(Records contained in a dataset)

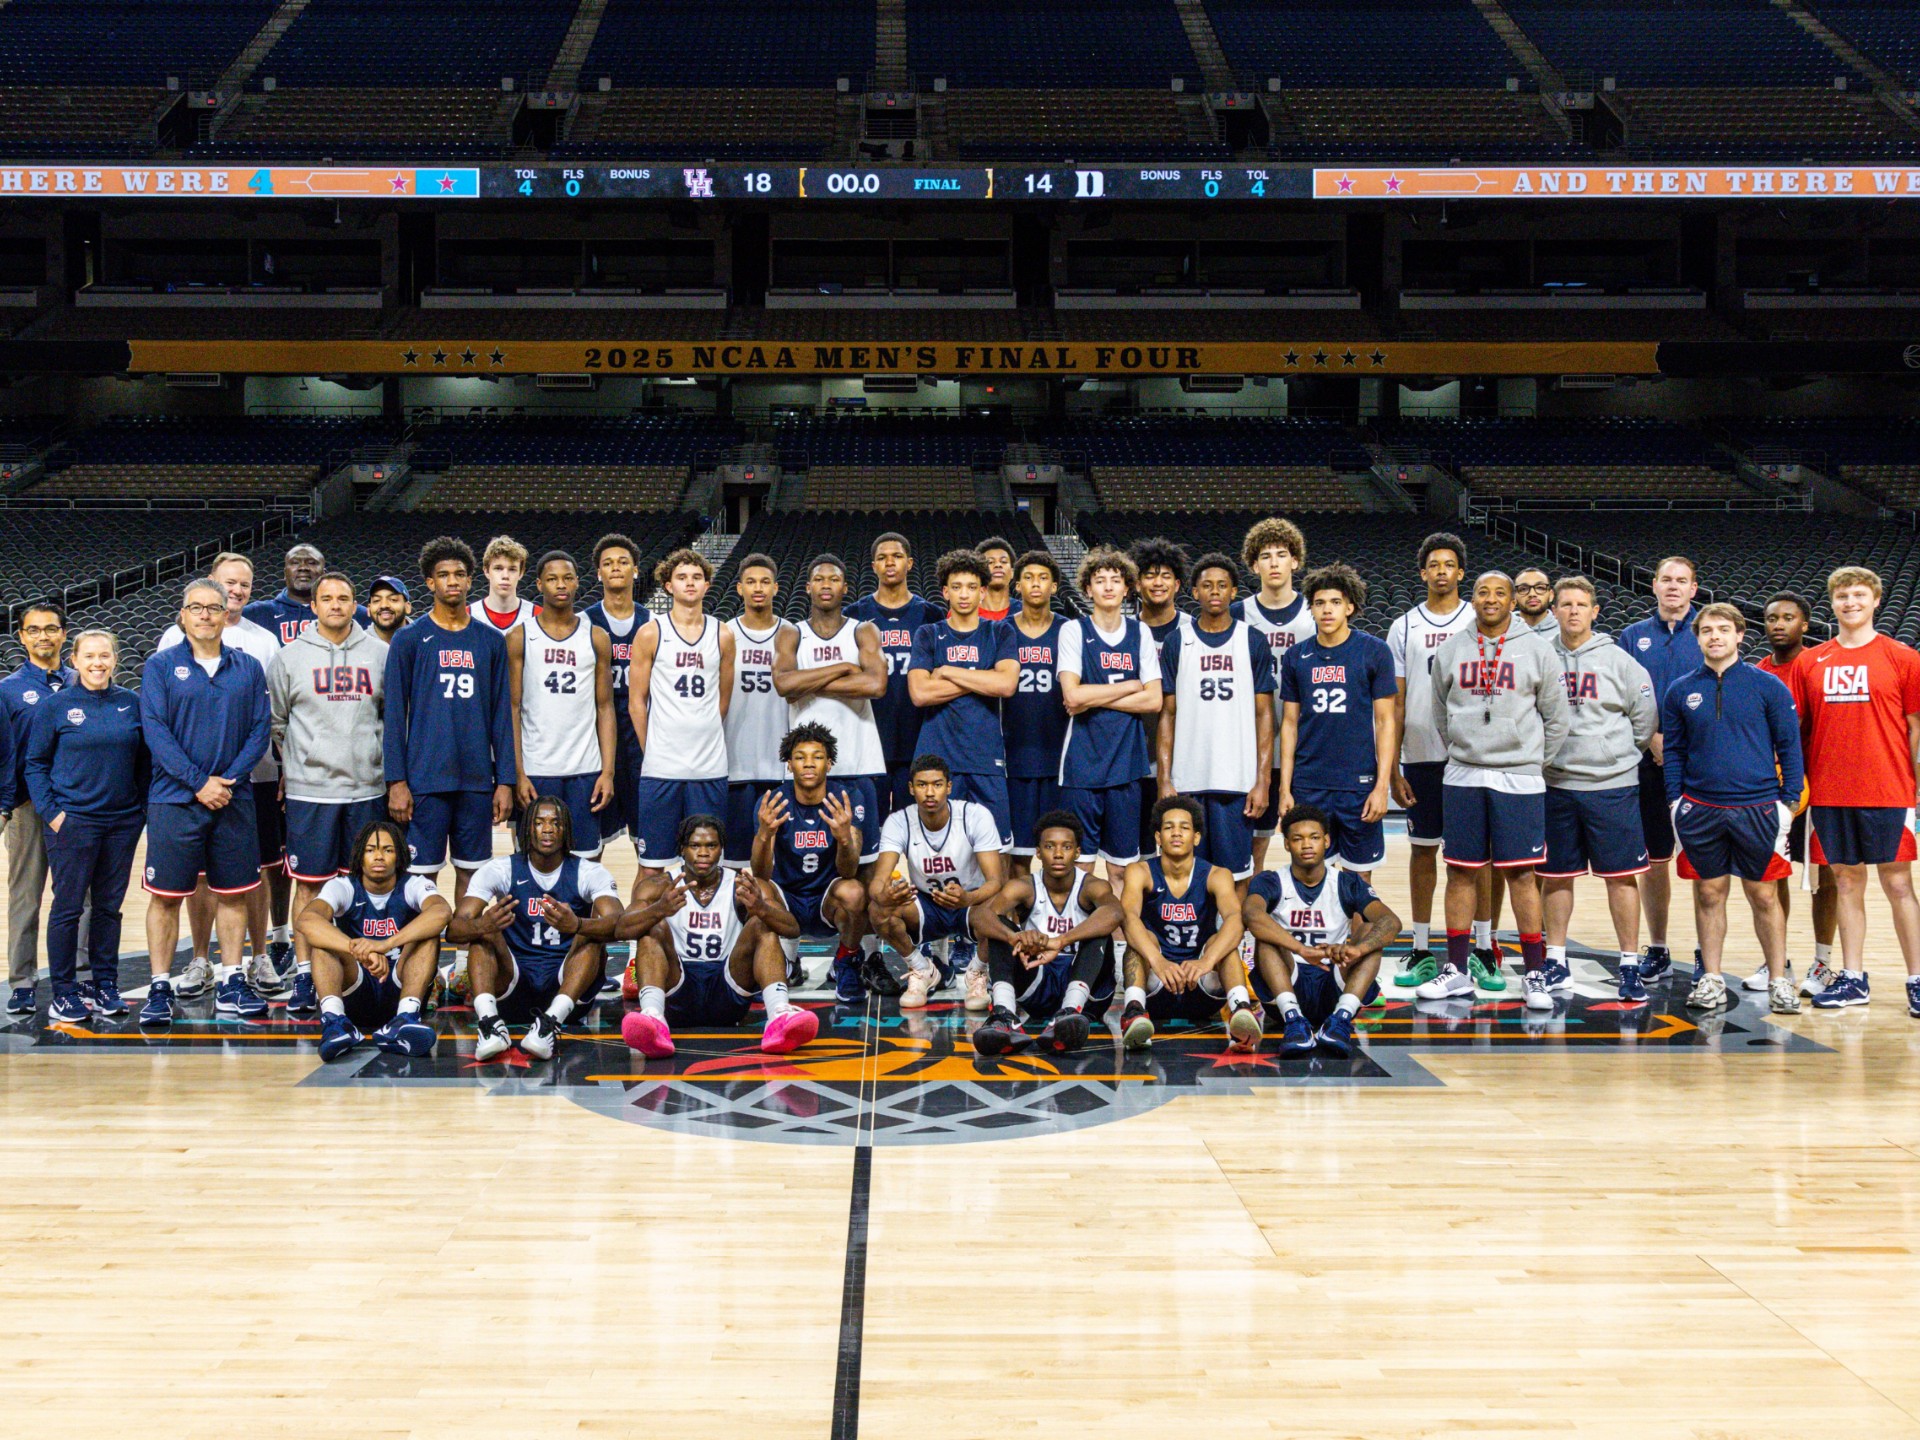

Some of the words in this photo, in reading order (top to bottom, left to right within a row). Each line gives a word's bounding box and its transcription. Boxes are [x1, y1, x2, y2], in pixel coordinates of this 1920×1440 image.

[1, 171, 102, 191] HERE
[122, 171, 229, 192] WERE
[248, 169, 273, 195] 4
[515, 169, 537, 179] TOL
[563, 169, 584, 179] FLS
[610, 169, 650, 179] BONUS
[743, 173, 772, 193] 18
[827, 173, 880, 193] 00.0
[1025, 173, 1053, 193] 14
[1140, 171, 1181, 180] BONUS
[1201, 171, 1223, 180] FLS
[1247, 171, 1269, 180] TOL
[1512, 172, 1588, 193] AND
[1606, 172, 1708, 193] THEN
[1726, 172, 1854, 193] THERE
[518, 180, 533, 196] 4
[565, 180, 580, 197] 0
[914, 179, 961, 190] FINAL
[1204, 181, 1219, 197] 0
[1252, 181, 1265, 197] 4
[584, 347, 675, 369] 2025
[692, 346, 797, 369] NCAA
[814, 346, 937, 369] MEN'S
[955, 347, 1077, 369] FINAL
[1095, 347, 1202, 369] FOUR
[880, 630, 912, 648] USA
[439, 650, 475, 669] USA
[544, 648, 577, 667] USA
[676, 651, 706, 669] USA
[742, 649, 772, 666] USA
[813, 645, 843, 662] USA
[947, 645, 979, 663] USA
[1018, 646, 1053, 665] USA
[1100, 651, 1134, 671] USA
[1200, 653, 1234, 672] USA
[312, 665, 374, 696] USA
[544, 671, 577, 694] 42
[740, 670, 772, 694] 55
[1018, 669, 1053, 693] 29
[1312, 666, 1346, 684] USA
[1823, 665, 1870, 695] USA
[439, 673, 475, 699] 79
[674, 674, 706, 698] 48
[1199, 677, 1234, 701] 85
[1312, 688, 1347, 713] 32
[795, 830, 828, 849] USA
[802, 853, 819, 874] 8
[923, 856, 957, 874] USA
[688, 911, 722, 929] USA
[1160, 903, 1196, 922] USA
[1290, 909, 1327, 928] USA
[363, 918, 400, 937] USA
[531, 921, 562, 946] 14
[1163, 925, 1198, 948] 37
[686, 932, 722, 958] 58
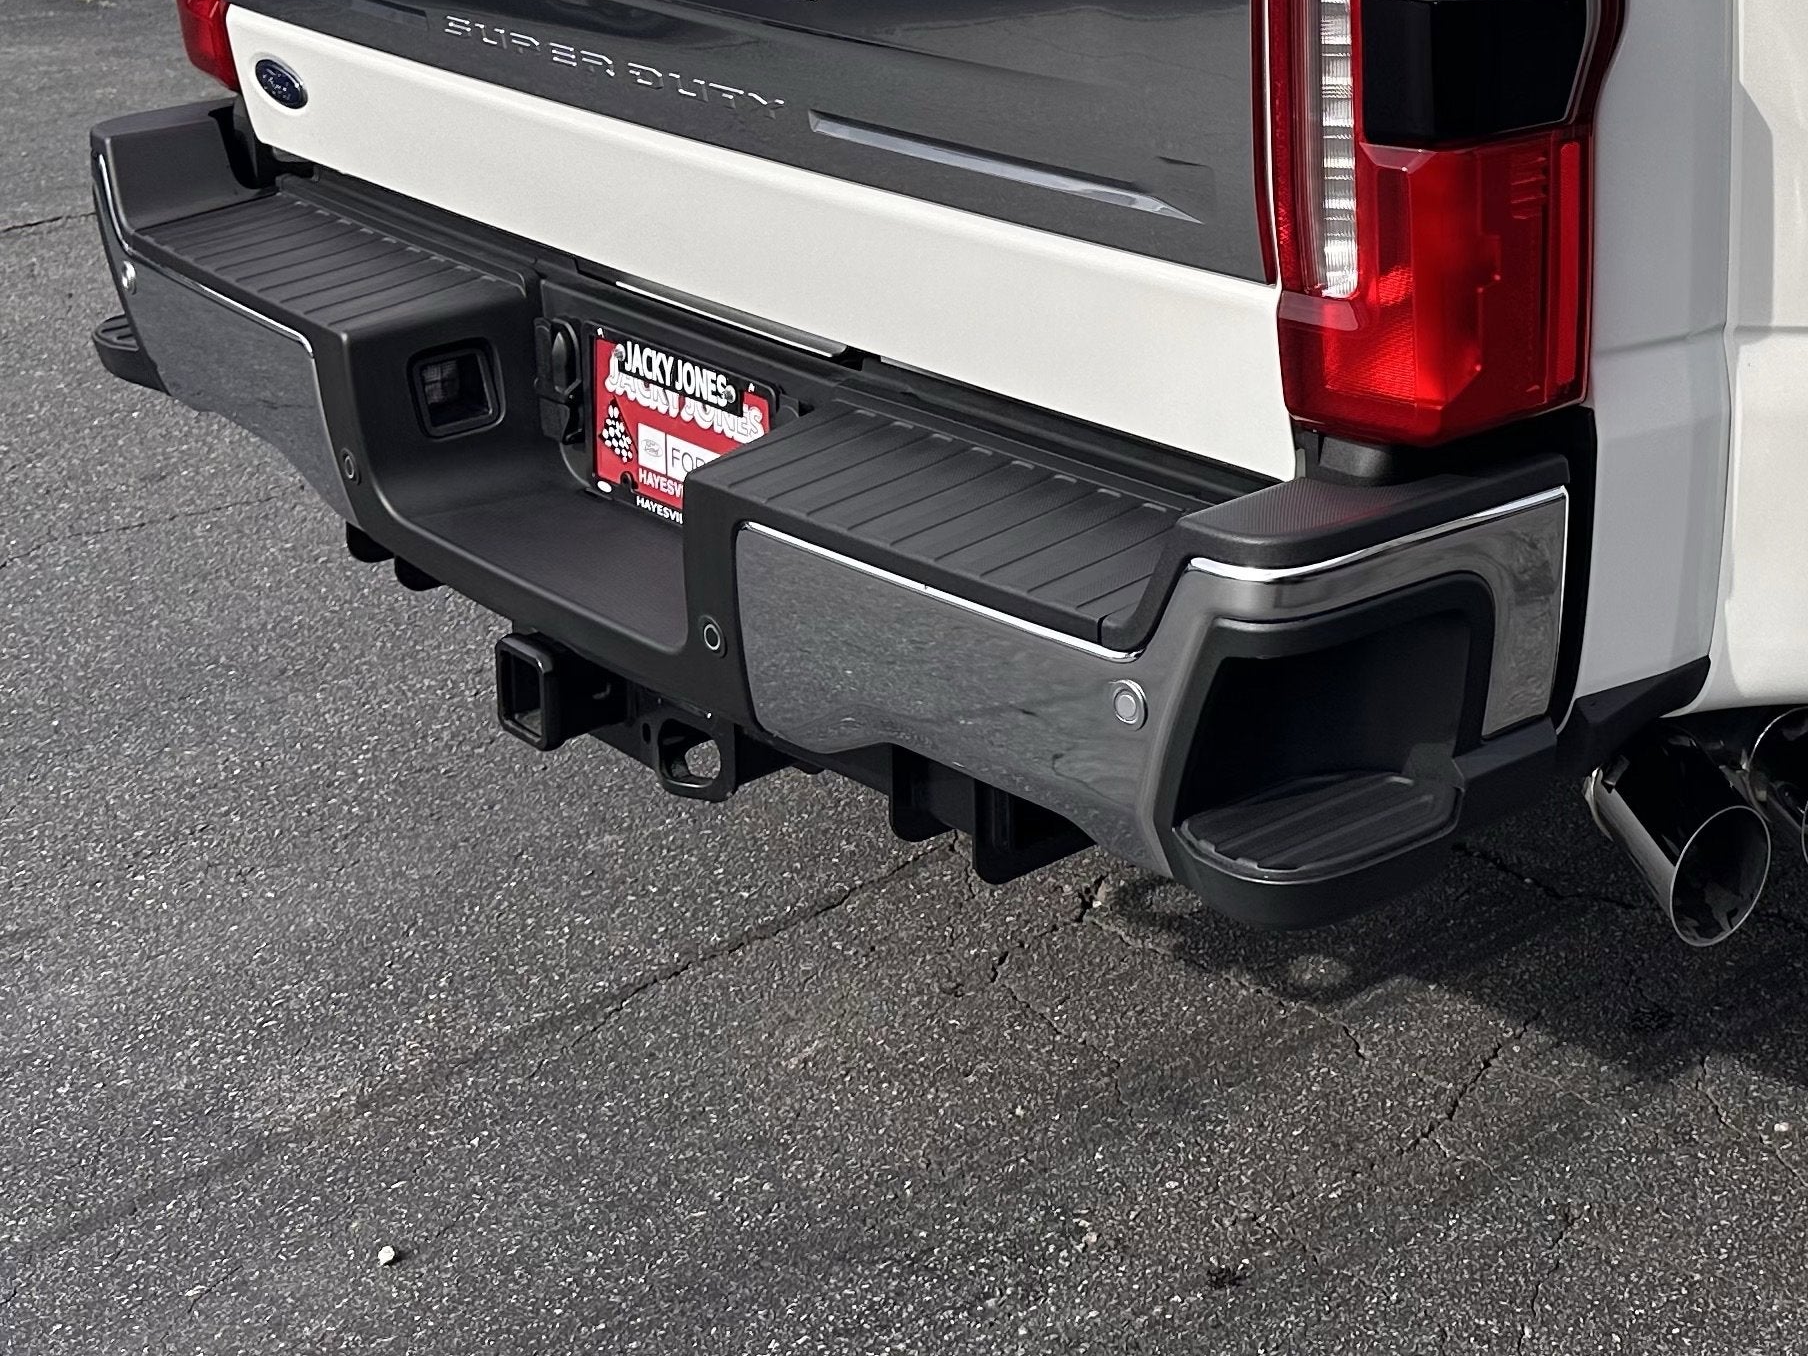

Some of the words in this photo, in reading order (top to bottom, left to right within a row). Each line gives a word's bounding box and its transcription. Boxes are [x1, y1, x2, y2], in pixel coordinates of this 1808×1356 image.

[444, 14, 615, 77] SUPER
[628, 61, 786, 119] DUTY
[624, 341, 675, 387] JACKY
[674, 358, 728, 407] JONES

Problem requirements — Copy every entry above exactly as it stands, but leave the pictures out.

Result —
Some of the words in this photo, in reading order (top to bottom, left to right within a row). Each line gives a word's bounding box and its transcription. Boxes are [x1, y1, x2, y2], in pixel coordinates of this 1920×1440 image.

[1, 171, 102, 191] HERE
[122, 171, 229, 192] WERE
[248, 169, 273, 195] 4
[515, 169, 537, 179] TOL
[563, 169, 584, 179] FLS
[610, 169, 650, 179] BONUS
[743, 173, 772, 193] 18
[827, 173, 880, 193] 00.0
[1025, 173, 1053, 193] 14
[1140, 171, 1181, 180] BONUS
[1201, 171, 1223, 180] FLS
[1247, 171, 1269, 180] TOL
[1512, 172, 1588, 193] AND
[1606, 172, 1708, 193] THEN
[1726, 172, 1854, 193] THERE
[518, 180, 533, 196] 4
[565, 180, 580, 197] 0
[914, 179, 961, 190] FINAL
[1204, 181, 1219, 197] 0
[1252, 181, 1265, 197] 4
[584, 347, 675, 369] 2025
[692, 346, 797, 369] NCAA
[814, 346, 937, 369] MEN'S
[955, 347, 1077, 369] FINAL
[1095, 347, 1202, 369] FOUR
[880, 630, 912, 648] USA
[439, 650, 475, 669] USA
[544, 648, 577, 667] USA
[676, 651, 706, 669] USA
[742, 649, 772, 666] USA
[813, 645, 843, 662] USA
[947, 645, 979, 663] USA
[1018, 646, 1053, 665] USA
[1100, 651, 1134, 671] USA
[1200, 653, 1234, 672] USA
[312, 665, 374, 696] USA
[544, 671, 577, 694] 42
[740, 670, 772, 694] 55
[1018, 669, 1053, 693] 29
[1312, 666, 1346, 684] USA
[1823, 665, 1870, 695] USA
[439, 673, 475, 699] 79
[674, 674, 706, 698] 48
[1199, 677, 1234, 701] 85
[1312, 688, 1347, 713] 32
[795, 830, 828, 849] USA
[802, 853, 819, 874] 8
[923, 856, 957, 874] USA
[688, 911, 722, 929] USA
[1160, 903, 1196, 922] USA
[1290, 909, 1327, 928] USA
[363, 918, 400, 937] USA
[531, 921, 562, 946] 14
[1163, 925, 1198, 948] 37
[686, 932, 722, 958] 58

Some of the words in this photo, in reading order (top to bottom, left to right within a row). Each line gives a word's bounding box and its transcription. Boxes are [x1, y1, x2, y2], in pixel coordinates of this 1808×1356 image.

[444, 14, 615, 77] SUPER
[628, 61, 786, 119] DUTY
[624, 341, 675, 387] JACKY
[674, 358, 728, 407] JONES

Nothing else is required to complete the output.